Lord Kennet asked Her Majesty's Government:

    What is their response to the statement by the Royal Commission on Environmental Pollution on 16 February that new machinery is needed so that genetically modified organism (GMO) decisions will take account of wider considerations and that every official decision about GMOs must be accompanied by an explanation of the reasons for it.[HL2903]

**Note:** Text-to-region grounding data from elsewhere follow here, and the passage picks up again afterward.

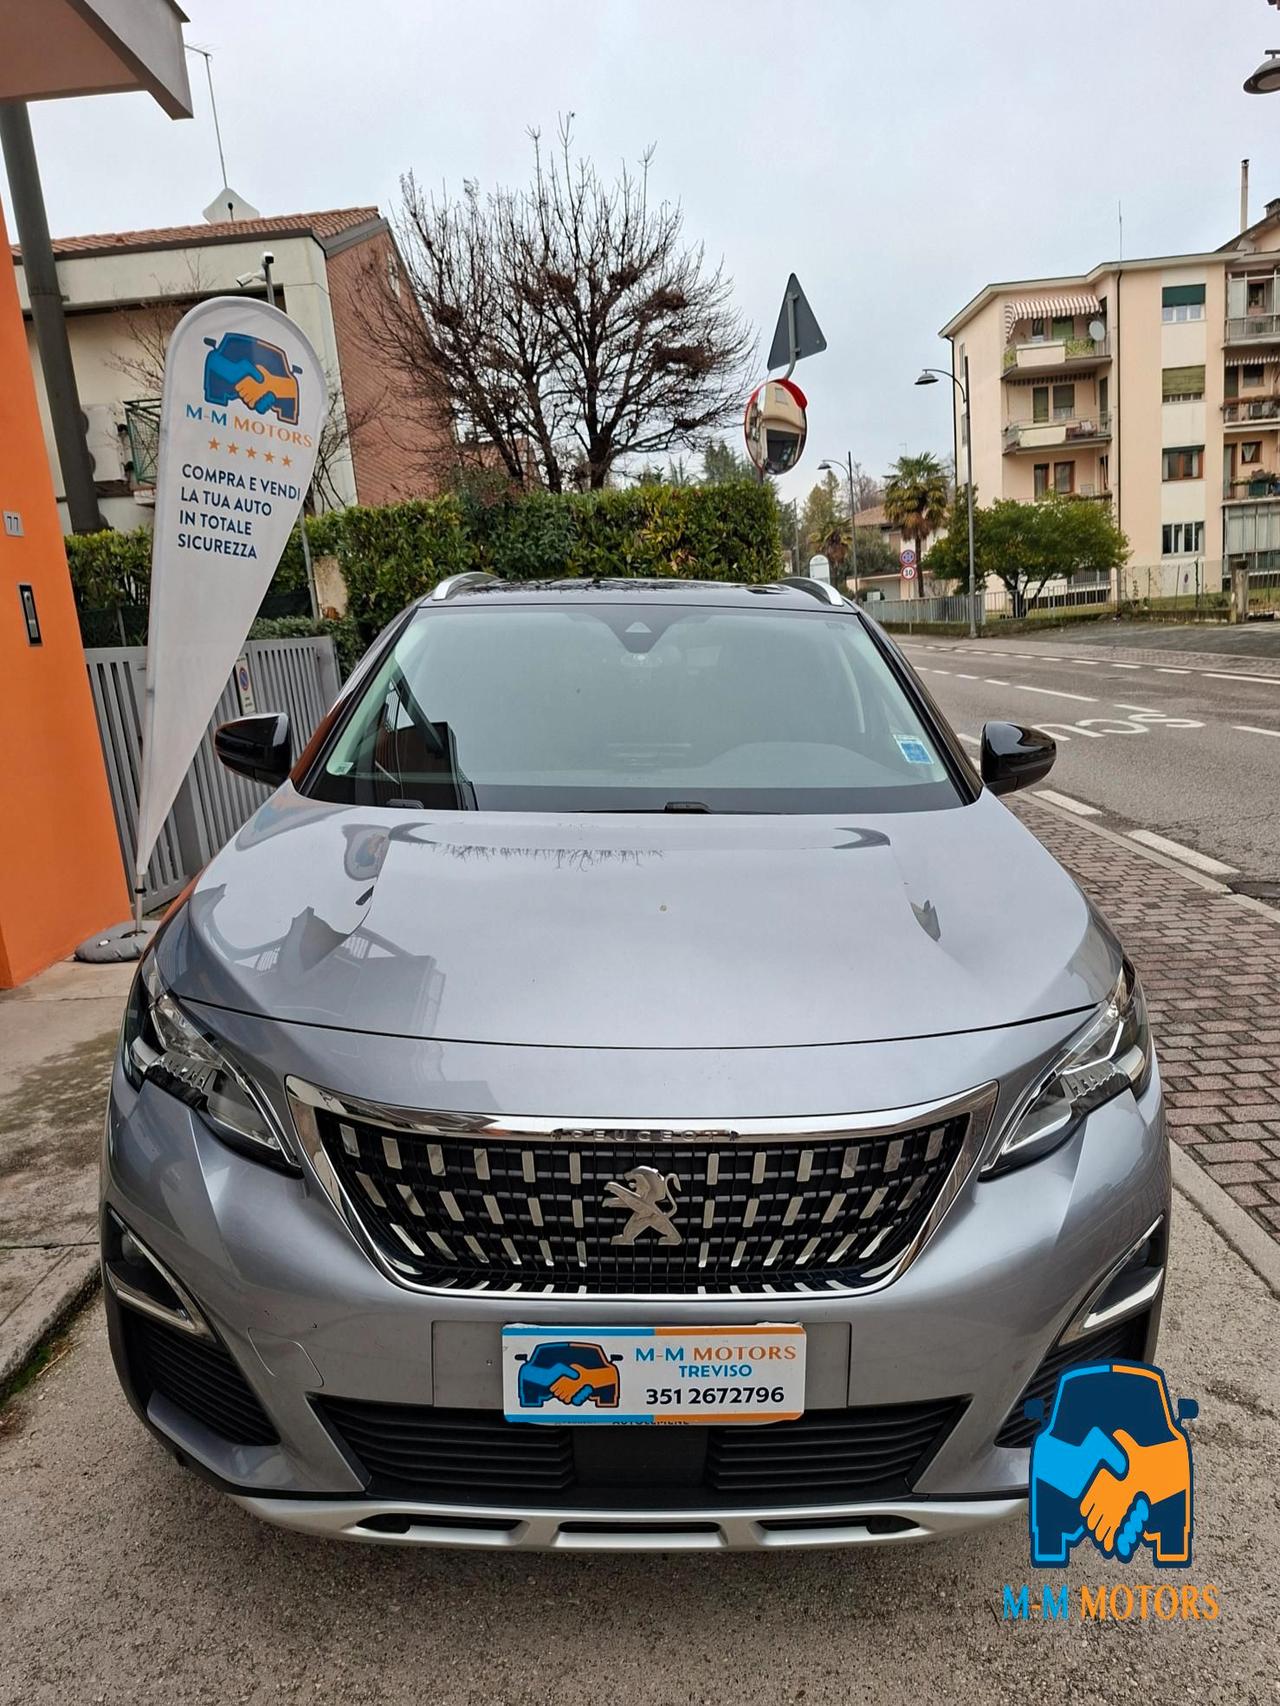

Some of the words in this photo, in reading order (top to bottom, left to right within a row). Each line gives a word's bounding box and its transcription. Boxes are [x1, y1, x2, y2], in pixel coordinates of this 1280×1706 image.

[186, 404, 227, 426] M-M
[234, 416, 313, 448] MOTORS
[182, 463, 246, 490] COMPRA
[249, 476, 258, 492] E
[260, 478, 301, 501] VENDI
[181, 486, 200, 504] LA
[203, 490, 231, 510] TUA
[233, 497, 272, 517] AUTO
[7, 516, 19, 531] 77
[179, 509, 196, 526] IN
[200, 513, 252, 536] TOTALE
[178, 533, 257, 559] SICUREZZA
[572, 1129, 719, 1142] PEUGEOT
[635, 1347, 684, 1362] M-M
[693, 1345, 797, 1361] MOTORS
[679, 1364, 753, 1378] TREVISO
[645, 1387, 682, 1405] 351
[688, 1386, 785, 1404] 2672796
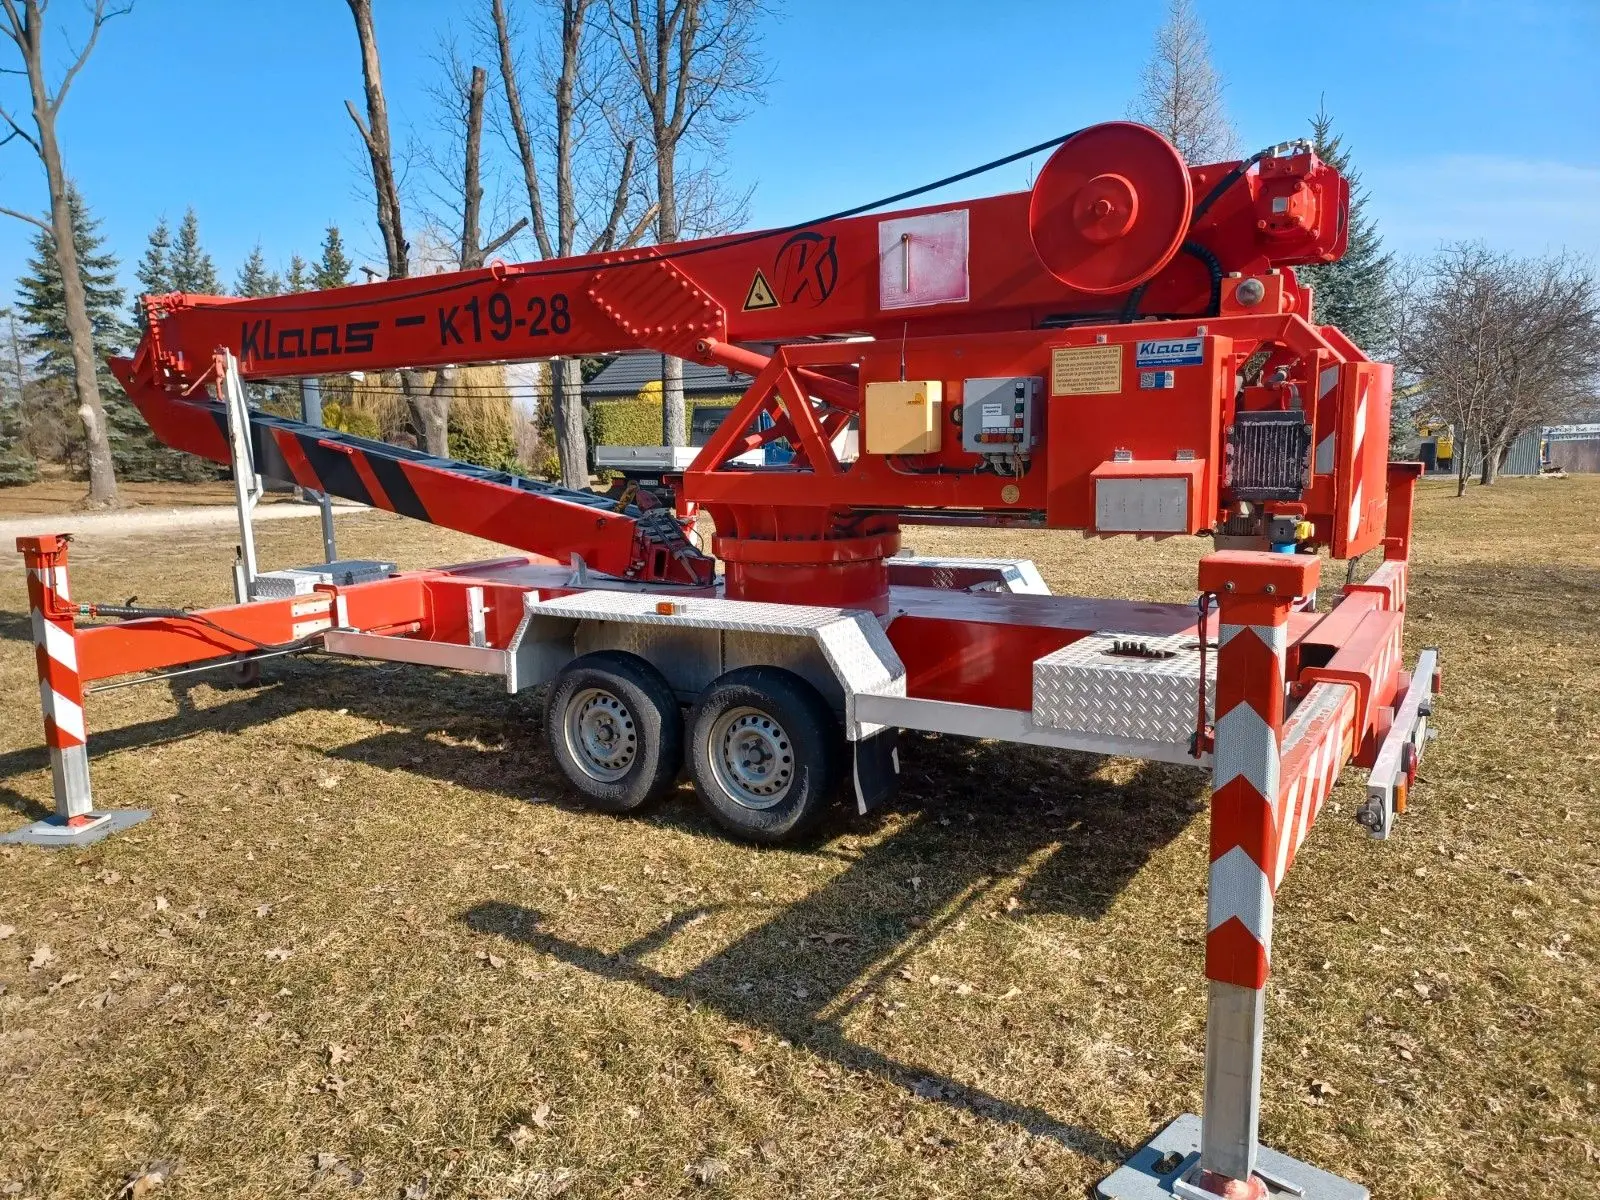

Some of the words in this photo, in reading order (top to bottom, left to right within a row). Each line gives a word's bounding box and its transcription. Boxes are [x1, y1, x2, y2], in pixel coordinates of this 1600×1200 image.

Lord Whitty: The Royal Commission on Environmental Pollution's statement of 16 February was that body's response to the Government's review of the framework for overseeing developments in biotechnology. On 21 May 1999 the Government published the Advisory and Regulatory Framework for Biotechnology: Report from the Government's Review and announced that two new strategic commissions would be established to take a broader, long-term view of developments in biotechnology. The Human Genetics Commission will advise on applications of biotechnology in healthcare, and the impact of human genetics on people's lives; and the Agricultural and Environment Biotechnology Commission will cover the use of biotechnology in agriculture and its environmental effects.

The Government's report stated that all committees involved in biotechnology should adopt principles on transparency, timeliness and exchange of information. The Code of Practice on Access to Government Information, Second Edition 1997, requires that the facts and analysis behind major policy decisions be made available proactively. Such information is normally made available when policies and decisions are announced.